INTRODUCTION: The auditory brainstem response (ABR) test is used to identify hearing loss and measure hearing thresholds of infants and children who cannot be tested using standard behavioral hearing testing methods. In order for the ABR to yield useful data, a child must be asleep throughout the duration of the test. In many centers, this is achieved through the use of a general anesthetic, with its inherent risks and costs. Since 2004, ABRs have been routinely conducted at BC Children's Hospital in an ambulatory care setting under oral chloral hydrate sedation, with monitoring by a specialist nurse. The aim of this retrospective study was to assess the effectiveness and safety of nurse-led sedation with chloral hydrate for ABR testing at our tertiary pediatric center. METHODS: Medical and audiology records were reviewed for children aged 6 months to 17 years who underwent ABR testing from 2004 to 2012. We reviewed the dosage of drug used, condition of the child after chloral hydrate administration, adverse effects, audiological results, patients' vital signs, and the effectiveness of the sedative in keeping the child asleep throughout the duration of the test.
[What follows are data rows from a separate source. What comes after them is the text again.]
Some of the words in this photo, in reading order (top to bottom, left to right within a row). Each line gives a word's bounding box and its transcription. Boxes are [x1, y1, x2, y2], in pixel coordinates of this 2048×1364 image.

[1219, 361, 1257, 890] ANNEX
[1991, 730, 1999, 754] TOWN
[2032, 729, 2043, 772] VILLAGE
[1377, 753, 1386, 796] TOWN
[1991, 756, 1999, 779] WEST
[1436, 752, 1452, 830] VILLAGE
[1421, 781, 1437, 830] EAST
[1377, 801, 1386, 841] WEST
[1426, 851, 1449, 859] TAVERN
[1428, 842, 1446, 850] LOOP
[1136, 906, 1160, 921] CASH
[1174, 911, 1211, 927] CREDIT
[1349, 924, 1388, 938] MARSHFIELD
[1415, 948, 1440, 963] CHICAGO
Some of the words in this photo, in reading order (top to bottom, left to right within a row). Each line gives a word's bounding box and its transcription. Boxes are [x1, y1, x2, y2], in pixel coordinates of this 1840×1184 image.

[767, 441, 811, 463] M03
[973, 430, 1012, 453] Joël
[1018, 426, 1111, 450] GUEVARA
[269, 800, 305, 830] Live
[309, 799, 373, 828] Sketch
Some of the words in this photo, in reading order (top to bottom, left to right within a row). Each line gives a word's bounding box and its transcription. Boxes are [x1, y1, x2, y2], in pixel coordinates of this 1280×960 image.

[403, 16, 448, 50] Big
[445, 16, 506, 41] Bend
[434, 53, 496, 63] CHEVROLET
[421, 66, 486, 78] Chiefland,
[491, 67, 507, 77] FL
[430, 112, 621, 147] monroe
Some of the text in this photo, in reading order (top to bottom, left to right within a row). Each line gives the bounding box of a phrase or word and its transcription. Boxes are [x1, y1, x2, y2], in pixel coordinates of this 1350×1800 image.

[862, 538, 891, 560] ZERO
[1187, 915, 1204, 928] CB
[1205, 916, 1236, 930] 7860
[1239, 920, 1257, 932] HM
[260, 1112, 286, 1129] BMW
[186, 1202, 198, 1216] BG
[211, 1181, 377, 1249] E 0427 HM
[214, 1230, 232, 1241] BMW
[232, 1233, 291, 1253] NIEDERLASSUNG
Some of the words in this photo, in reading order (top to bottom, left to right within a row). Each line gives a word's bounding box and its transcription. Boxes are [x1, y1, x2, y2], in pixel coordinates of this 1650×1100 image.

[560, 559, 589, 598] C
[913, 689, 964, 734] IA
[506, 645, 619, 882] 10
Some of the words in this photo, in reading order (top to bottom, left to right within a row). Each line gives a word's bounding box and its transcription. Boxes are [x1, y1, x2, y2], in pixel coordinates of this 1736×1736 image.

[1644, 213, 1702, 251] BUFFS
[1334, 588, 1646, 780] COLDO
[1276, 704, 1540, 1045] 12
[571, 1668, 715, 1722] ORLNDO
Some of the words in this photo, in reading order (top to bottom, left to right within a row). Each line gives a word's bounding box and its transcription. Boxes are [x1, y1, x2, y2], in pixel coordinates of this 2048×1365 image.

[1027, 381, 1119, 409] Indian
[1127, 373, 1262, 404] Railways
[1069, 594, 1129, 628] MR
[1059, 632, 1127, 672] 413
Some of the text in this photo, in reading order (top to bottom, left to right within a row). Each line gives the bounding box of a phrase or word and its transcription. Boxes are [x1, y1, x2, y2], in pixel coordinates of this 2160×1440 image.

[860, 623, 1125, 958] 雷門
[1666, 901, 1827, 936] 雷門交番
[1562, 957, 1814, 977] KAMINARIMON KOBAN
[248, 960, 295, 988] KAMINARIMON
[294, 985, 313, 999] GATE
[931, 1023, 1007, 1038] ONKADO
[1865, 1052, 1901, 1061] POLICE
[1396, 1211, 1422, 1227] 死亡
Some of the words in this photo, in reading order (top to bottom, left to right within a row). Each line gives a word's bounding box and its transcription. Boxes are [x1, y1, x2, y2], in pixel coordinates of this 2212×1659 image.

Frequency distributions were derived for adverse outcomes. RESULTS: 725 ABR records encompassing 635 children (multiple ABR tests in some children) were reviewed. The average dose of chloral hydrate used was 52mg/kg. The majority of sedated ABR's (80.8%) were completed without any incident. Significant events [apnea and/or bradycardia], minor complications [vomiting, hypoxemia, prolonged sedation, and/or tachypnea] and restlessness were noted in 3.4%, 6.2%, and 5.0% of the cases, respectively. The majority of these issues resolved without medical intervention, such as the need to provide supplementary oxygen. In 95.9% of ABRs, chloral hydrate was successful in sedating the child adequately to answer the audiological question. CONCLUSIONS: This forms the largest study to date on oral sedation for ABR testing. Based on our results, the use of chloral hydrate in the presence of a sedation nurse was a safe and reliable method of performing ABR in infants and children. This may be of significant value to centres worldwide exploring alternatives to general anesthesia for ABR testing.